━━━━━ DATA ━━━━━
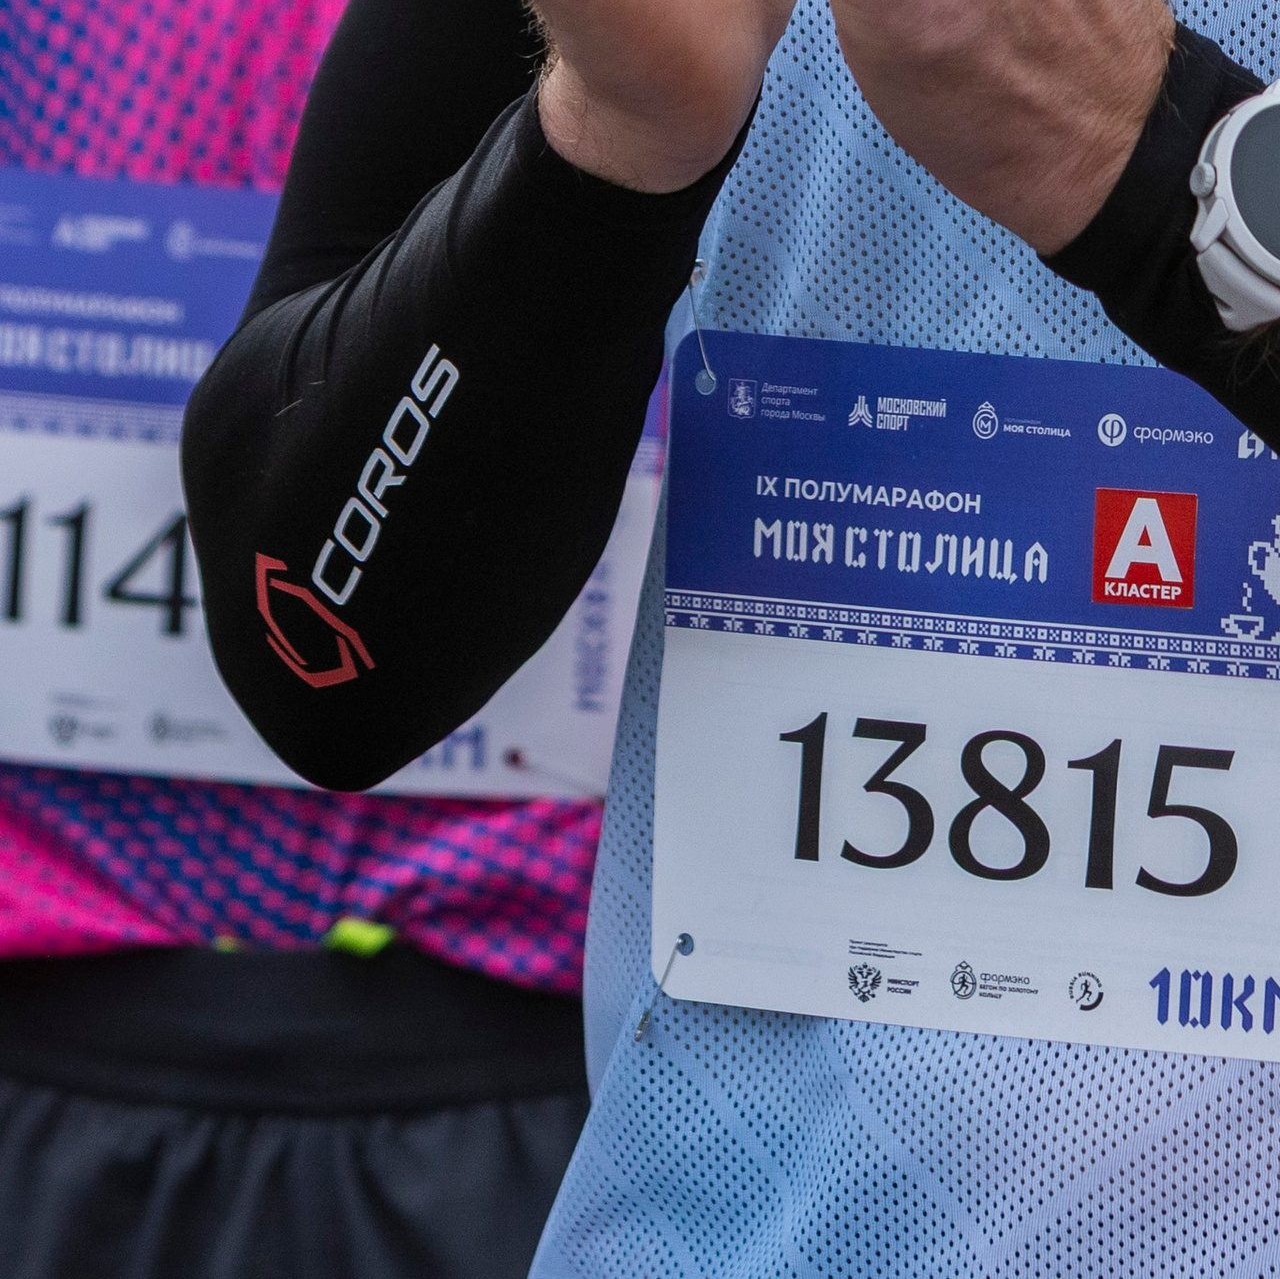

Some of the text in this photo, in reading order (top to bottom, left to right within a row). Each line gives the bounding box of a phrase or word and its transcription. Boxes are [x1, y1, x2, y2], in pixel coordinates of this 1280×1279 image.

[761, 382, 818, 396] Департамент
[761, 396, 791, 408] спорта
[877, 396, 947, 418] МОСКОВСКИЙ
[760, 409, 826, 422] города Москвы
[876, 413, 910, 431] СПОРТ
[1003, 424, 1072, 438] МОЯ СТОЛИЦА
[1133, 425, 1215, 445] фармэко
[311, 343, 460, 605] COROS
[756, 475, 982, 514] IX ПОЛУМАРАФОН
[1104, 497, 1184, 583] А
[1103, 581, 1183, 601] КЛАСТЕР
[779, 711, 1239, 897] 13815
━━━━━
BRIEF
The records above, minus their pictures, are to be returned verbatim.

TASK RESULT
Some of the text in this photo, in reading order (top to bottom, left to right within a row). Each line gives the bounding box of a phrase or word and its transcription. Boxes are [x1, y1, x2, y2], in pixel coordinates of this 1280×1279 image.

[761, 382, 818, 396] Департамент
[761, 396, 791, 408] спорта
[877, 396, 947, 418] МОСКОВСКИЙ
[760, 409, 826, 422] города Москвы
[876, 413, 910, 431] СПОРТ
[1003, 424, 1072, 438] МОЯ СТОЛИЦА
[1133, 425, 1215, 445] фармэко
[311, 343, 460, 605] COROS
[756, 475, 982, 514] IX ПОЛУМАРАФОН
[1104, 497, 1184, 583] А
[1103, 581, 1183, 601] КЛАСТЕР
[779, 711, 1239, 897] 13815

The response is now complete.